* _SOURCE MATERIAL_
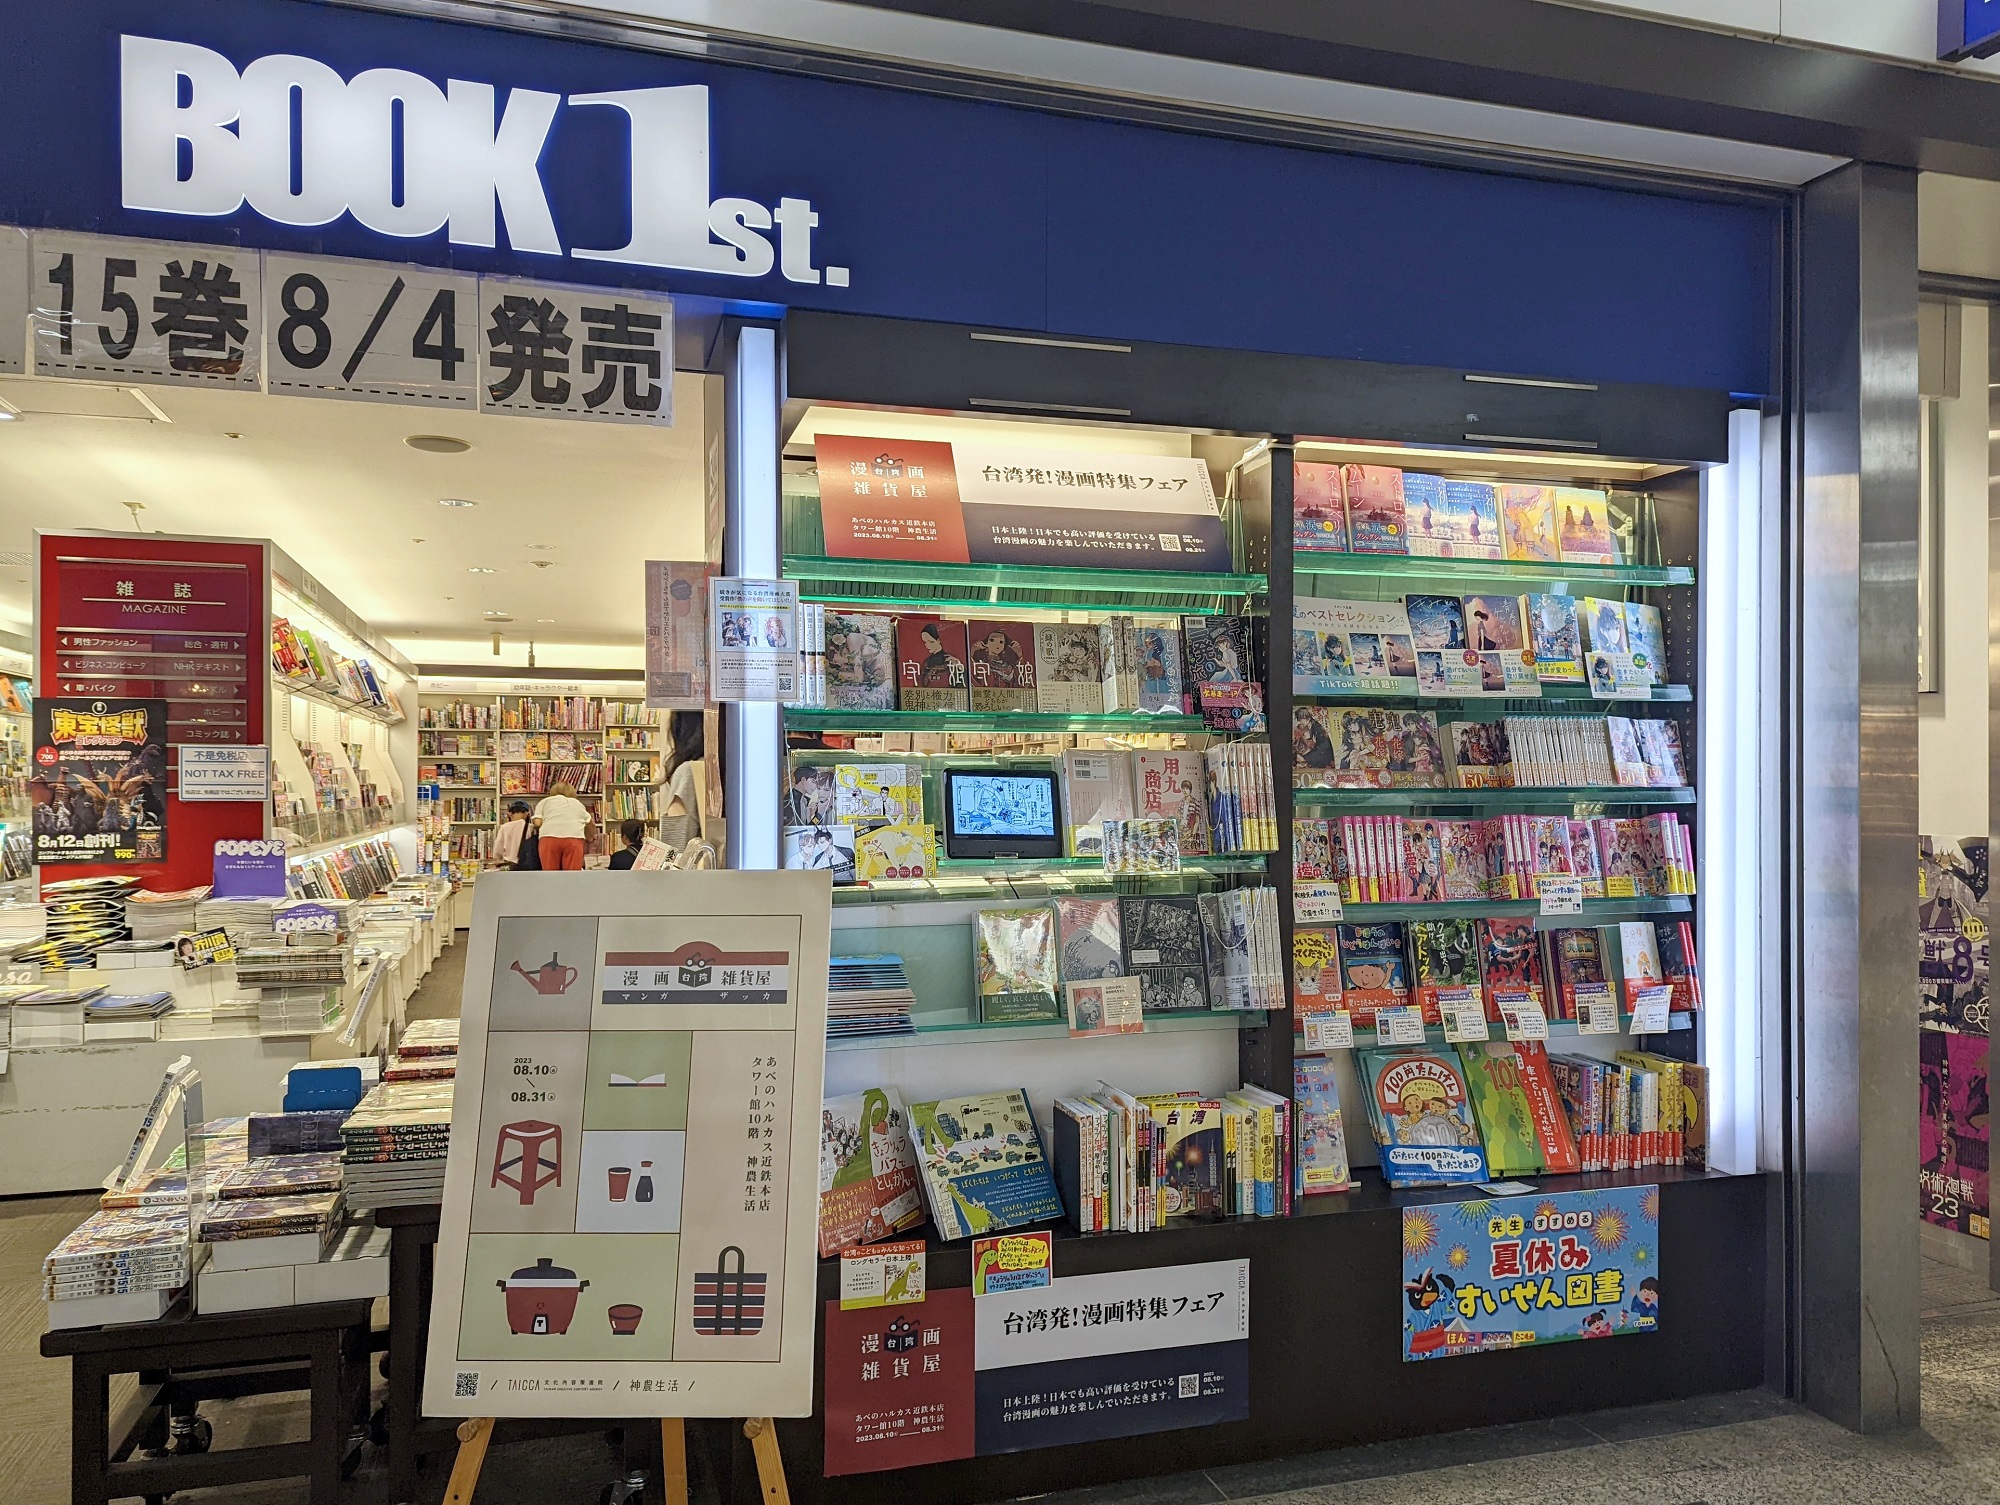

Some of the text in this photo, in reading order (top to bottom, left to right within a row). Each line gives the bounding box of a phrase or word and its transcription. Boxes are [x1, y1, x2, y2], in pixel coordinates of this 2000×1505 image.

[121, 34, 561, 256] BOOK
[49, 252, 661, 411] 15巻 8/4 発売
[982, 465, 1188, 493] 台湾発!漫画特集フェア
[1351, 471, 1365, 508] ムーン
[1327, 470, 1344, 547] ストロベリー
[1390, 473, 1410, 549] ストロベリー
[122, 604, 187, 615] MAGAZINE
[73, 637, 138, 647] 男性ファッション
[75, 659, 146, 670] ビジネス・コンピュータ
[174, 662, 230, 672] NHKテキスト
[75, 683, 116, 693] 車・バイク
[204, 707, 230, 716] ホビー
[54, 710, 146, 739] 東宝怪獣
[186, 731, 229, 739] コミック誌
[184, 769, 265, 779] NOT TAX FREE
[1161, 757, 1182, 794] 用九
[1144, 768, 1162, 810] 商店
[37, 833, 121, 848] 8月12日創刊!
[215, 840, 285, 857] POPEYE
[275, 913, 337, 934] POPEYE
[682, 972, 708, 983] 台湾
[720, 970, 772, 987] 雑貨屋
[622, 991, 771, 1001] マンガ ザッカ
[141, 1117, 152, 1128] 15
[1166, 1110, 1207, 1126] 台湾
[744, 1056, 763, 1212] タワー館10階 神農生活
[758, 1056, 777, 1211] あべのハルカス近鉄本店
[961, 1176, 990, 1188] ぼくたちは
[1931, 1193, 1960, 1219] 23
[1491, 1211, 1593, 1235] 先生のすすめる
[850, 1254, 916, 1266] ロングセラー日本上陸!
[1490, 1236, 1592, 1278] 夏休み
[1237, 1265, 1246, 1290] TAICCA
[1455, 1270, 1624, 1318] すいせん図書
[1003, 1291, 1225, 1335] 台湾発!漫画特集フェア
[1447, 1333, 1466, 1344] ほん
[860, 1353, 942, 1382] 雑貨屋
[508, 1379, 540, 1391] TAICCA
[630, 1379, 679, 1392] 神農生活
[855, 1403, 945, 1423] あべのハルカス近鉄本店
[855, 1414, 945, 1434] タワー館10階 神農生活

* _EXERCISE REQUIREMENTS_
Print the material verbatim; drop the pictures.

* _ANSWER BELOW_
Some of the text in this photo, in reading order (top to bottom, left to right within a row). Each line gives the bounding box of a phrase or word and its transcription. Boxes are [x1, y1, x2, y2], in pixel coordinates of this 2000×1505 image.

[121, 34, 561, 256] BOOK
[49, 252, 661, 411] 15巻 8/4 発売
[982, 465, 1188, 493] 台湾発!漫画特集フェア
[1351, 471, 1365, 508] ムーン
[1327, 470, 1344, 547] ストロベリー
[1390, 473, 1410, 549] ストロベリー
[122, 604, 187, 615] MAGAZINE
[73, 637, 138, 647] 男性ファッション
[75, 659, 146, 670] ビジネス・コンピュータ
[174, 662, 230, 672] NHKテキスト
[75, 683, 116, 693] 車・バイク
[204, 707, 230, 716] ホビー
[54, 710, 146, 739] 東宝怪獣
[186, 731, 229, 739] コミック誌
[184, 769, 265, 779] NOT TAX FREE
[1161, 757, 1182, 794] 用九
[1144, 768, 1162, 810] 商店
[37, 833, 121, 848] 8月12日創刊!
[215, 840, 285, 857] POPEYE
[275, 913, 337, 934] POPEYE
[682, 972, 708, 983] 台湾
[720, 970, 772, 987] 雑貨屋
[622, 991, 771, 1001] マンガ ザッカ
[141, 1117, 152, 1128] 15
[1166, 1110, 1207, 1126] 台湾
[744, 1056, 763, 1212] タワー館10階 神農生活
[758, 1056, 777, 1211] あべのハルカス近鉄本店
[961, 1176, 990, 1188] ぼくたちは
[1931, 1193, 1960, 1219] 23
[1491, 1211, 1593, 1235] 先生のすすめる
[850, 1254, 916, 1266] ロングセラー日本上陸!
[1490, 1236, 1592, 1278] 夏休み
[1237, 1265, 1246, 1290] TAICCA
[1455, 1270, 1624, 1318] すいせん図書
[1003, 1291, 1225, 1335] 台湾発!漫画特集フェア
[1447, 1333, 1466, 1344] ほん
[860, 1353, 942, 1382] 雑貨屋
[508, 1379, 540, 1391] TAICCA
[630, 1379, 679, 1392] 神農生活
[855, 1403, 945, 1423] あべのハルカス近鉄本店
[855, 1414, 945, 1434] タワー館10階 神農生活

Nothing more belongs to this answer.